What the task requires:
Repeat each record exactly as written, and drop any images.

Source data:

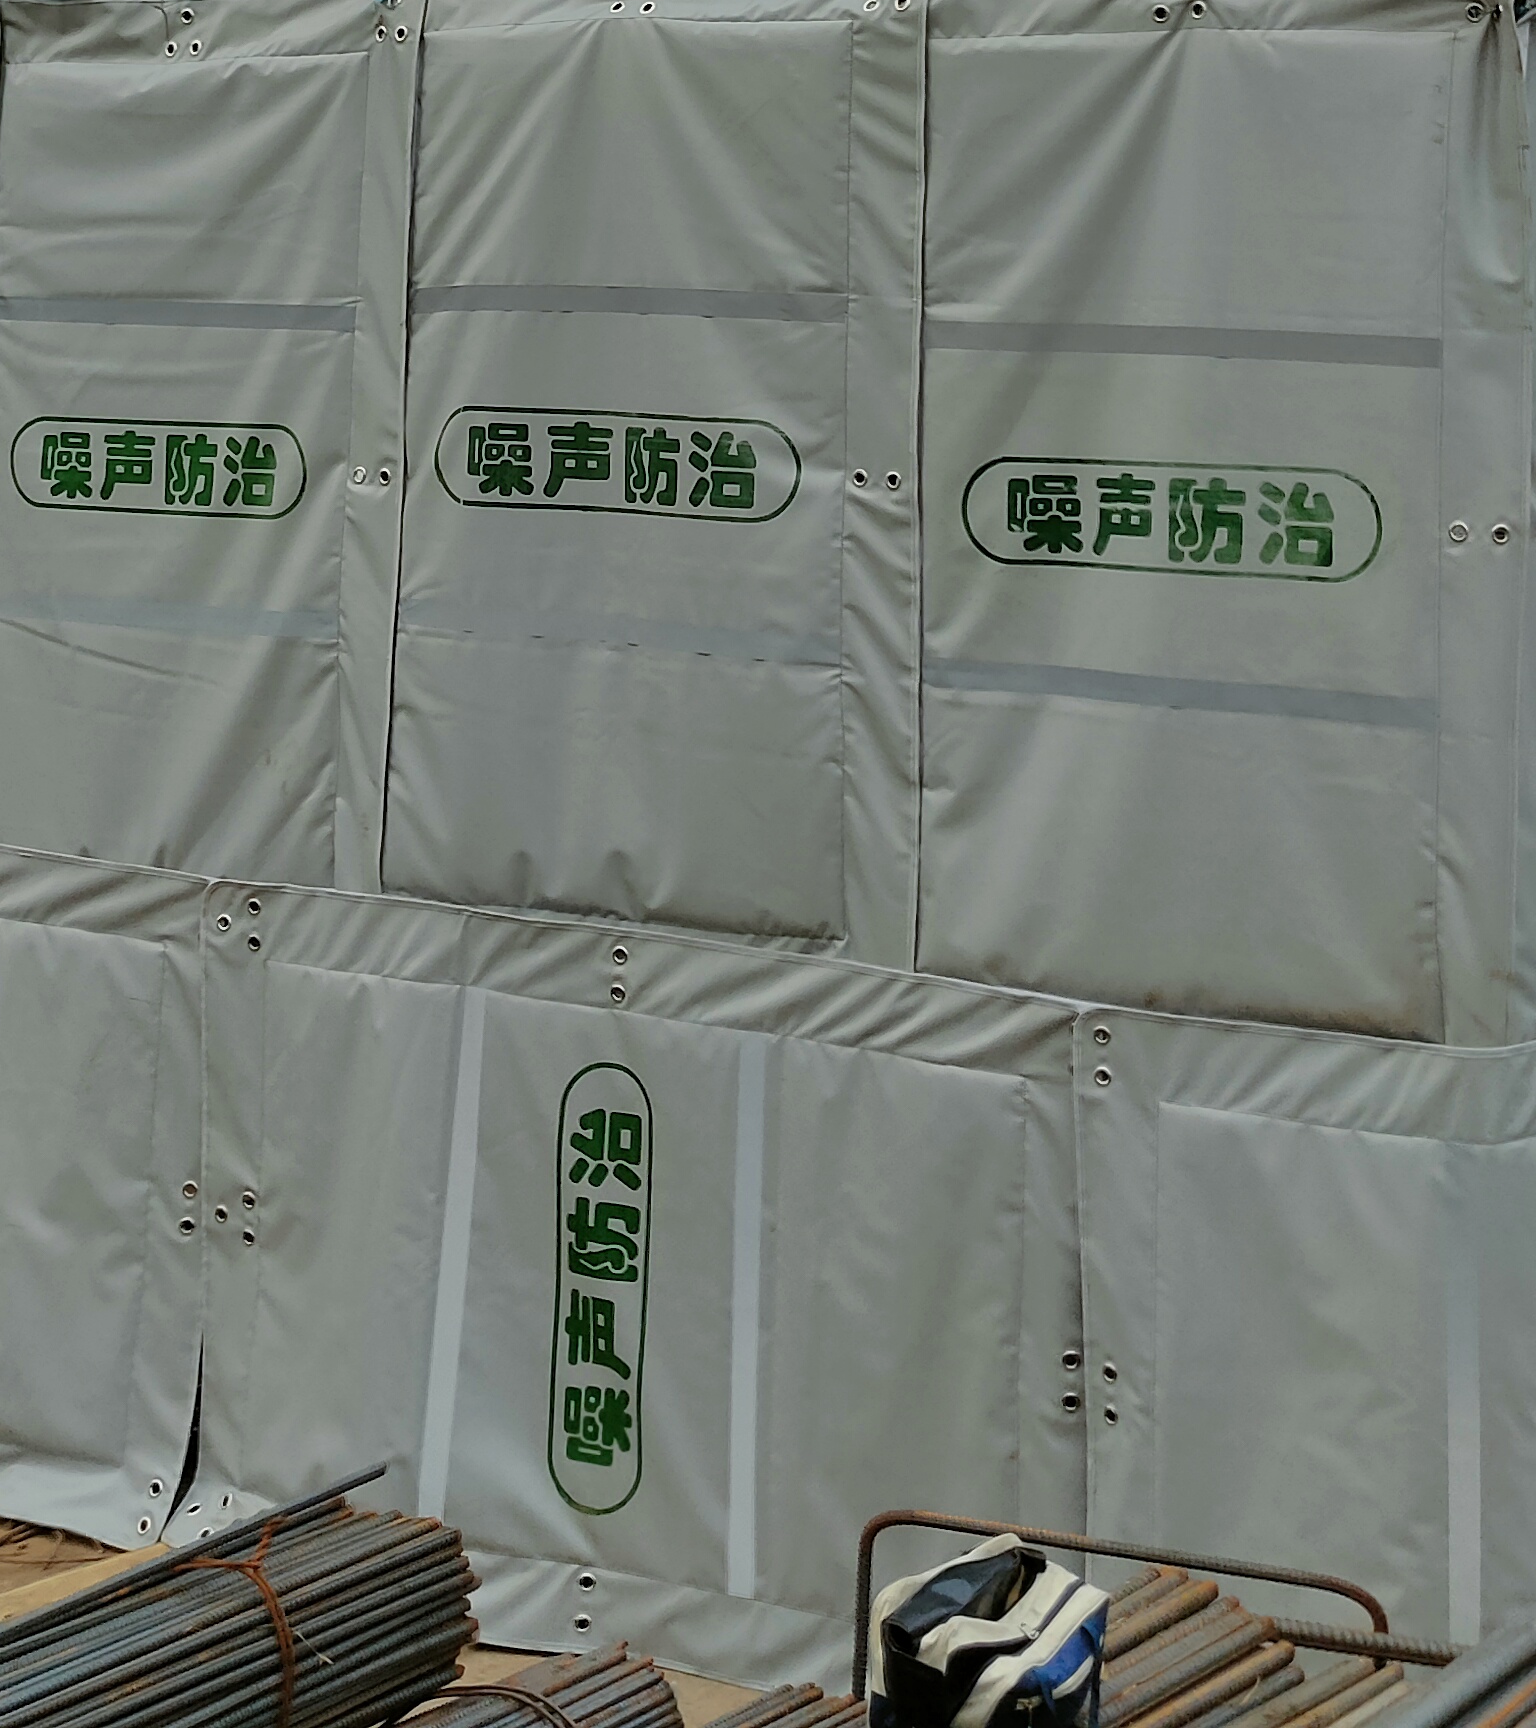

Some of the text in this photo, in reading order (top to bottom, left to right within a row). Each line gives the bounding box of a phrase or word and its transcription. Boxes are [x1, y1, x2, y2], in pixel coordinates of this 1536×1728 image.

[40, 432, 277, 507] 噪声防治
[467, 421, 757, 510] 噪声防治
[1007, 472, 1335, 568] 噪声防治
[564, 1108, 642, 1468] 噪声防治

Worked solution:
Some of the text in this photo, in reading order (top to bottom, left to right within a row). Each line gives the bounding box of a phrase or word and its transcription. Boxes are [x1, y1, x2, y2], in pixel coordinates of this 1536×1728 image.

[40, 432, 277, 507] 噪声防治
[467, 421, 757, 510] 噪声防治
[1007, 472, 1335, 568] 噪声防治
[564, 1108, 642, 1468] 噪声防治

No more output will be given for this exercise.